» PROBLEM STATEMENT:
Pictures excluded, copy every record that follows exactly as it appears.

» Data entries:
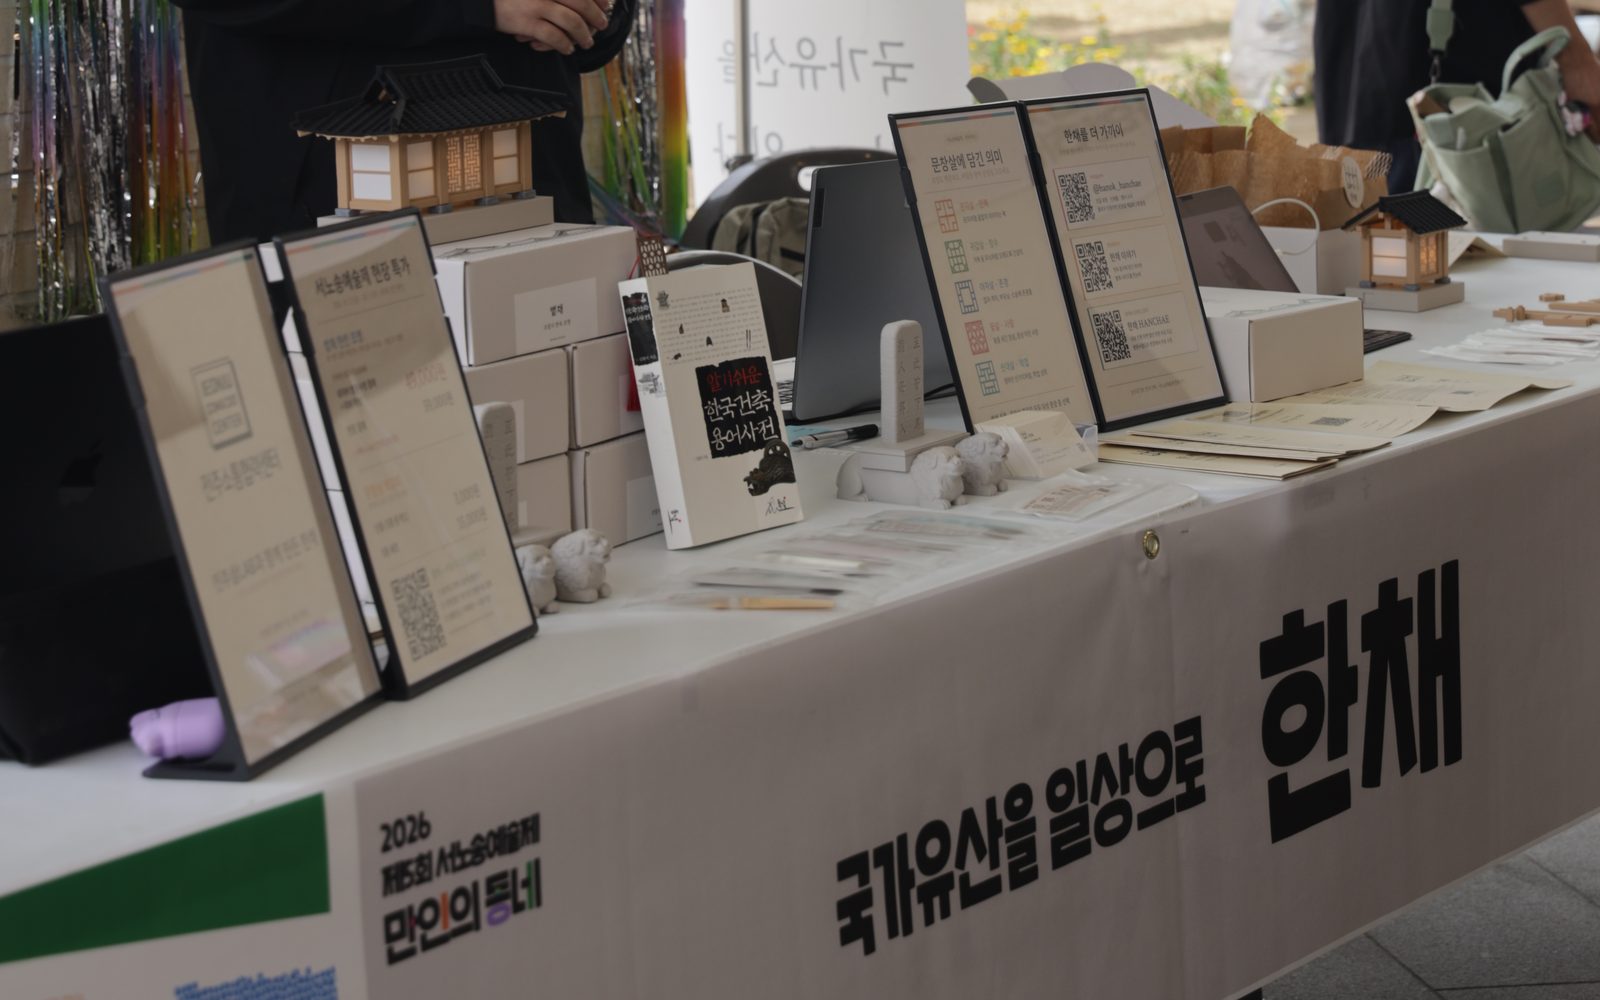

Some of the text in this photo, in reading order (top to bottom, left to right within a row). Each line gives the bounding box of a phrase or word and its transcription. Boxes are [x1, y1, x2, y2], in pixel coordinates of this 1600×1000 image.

[1064, 122, 1124, 144] 한채를 더 가까이
[931, 148, 1004, 174] 문창살에 담긴 의미
[390, 256, 411, 278] 특가
[1138, 315, 1170, 330] HANCHAE
[706, 366, 762, 393] 알기쉬운
[704, 389, 772, 422] 한국건축
[711, 416, 779, 451] 용어사전
[1259, 559, 1462, 844] 한채
[380, 810, 432, 853] 2026
[836, 714, 1207, 956] 국가유산을 일상으로
[381, 812, 540, 898] 제5회 서노송예술제
[384, 857, 542, 967] 만인의 동네

» ANSWER FOR THE TASK:
Some of the text in this photo, in reading order (top to bottom, left to right within a row). Each line gives the bounding box of a phrase or word and its transcription. Boxes are [x1, y1, x2, y2], in pixel coordinates of this 1600×1000 image.

[1064, 122, 1124, 144] 한채를 더 가까이
[931, 148, 1004, 174] 문창살에 담긴 의미
[390, 256, 411, 278] 특가
[1138, 315, 1170, 330] HANCHAE
[706, 366, 762, 393] 알기쉬운
[704, 389, 772, 422] 한국건축
[711, 416, 779, 451] 용어사전
[1259, 559, 1462, 844] 한채
[380, 810, 432, 853] 2026
[836, 714, 1207, 956] 국가유산을 일상으로
[381, 812, 540, 898] 제5회 서노송예술제
[384, 857, 542, 967] 만인의 동네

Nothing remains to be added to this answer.